* **About this task**: Set the data down again, word for word, as it appears below.

________________

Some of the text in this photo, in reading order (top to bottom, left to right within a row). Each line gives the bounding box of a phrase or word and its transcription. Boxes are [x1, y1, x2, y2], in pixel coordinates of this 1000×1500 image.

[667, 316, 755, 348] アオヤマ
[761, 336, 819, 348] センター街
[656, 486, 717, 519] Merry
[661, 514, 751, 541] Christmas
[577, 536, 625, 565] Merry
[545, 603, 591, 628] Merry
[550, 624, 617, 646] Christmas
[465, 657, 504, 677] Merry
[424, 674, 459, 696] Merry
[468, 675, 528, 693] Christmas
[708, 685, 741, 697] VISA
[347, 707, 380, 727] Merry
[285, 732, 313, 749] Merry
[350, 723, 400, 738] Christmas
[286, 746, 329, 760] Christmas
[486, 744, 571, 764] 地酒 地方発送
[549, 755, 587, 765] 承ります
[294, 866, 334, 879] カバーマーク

________________

* **Completed task**:
Some of the text in this photo, in reading order (top to bottom, left to right within a row). Each line gives the bounding box of a phrase or word and its transcription. Boxes are [x1, y1, x2, y2], in pixel coordinates of this 1000×1500 image.

[667, 316, 755, 348] アオヤマ
[761, 336, 819, 348] センター街
[656, 486, 717, 519] Merry
[661, 514, 751, 541] Christmas
[577, 536, 625, 565] Merry
[545, 603, 591, 628] Merry
[550, 624, 617, 646] Christmas
[465, 657, 504, 677] Merry
[424, 674, 459, 696] Merry
[468, 675, 528, 693] Christmas
[708, 685, 741, 697] VISA
[347, 707, 380, 727] Merry
[285, 732, 313, 749] Merry
[350, 723, 400, 738] Christmas
[286, 746, 329, 760] Christmas
[486, 744, 571, 764] 地酒 地方発送
[549, 755, 587, 765] 承ります
[294, 866, 334, 879] カバーマーク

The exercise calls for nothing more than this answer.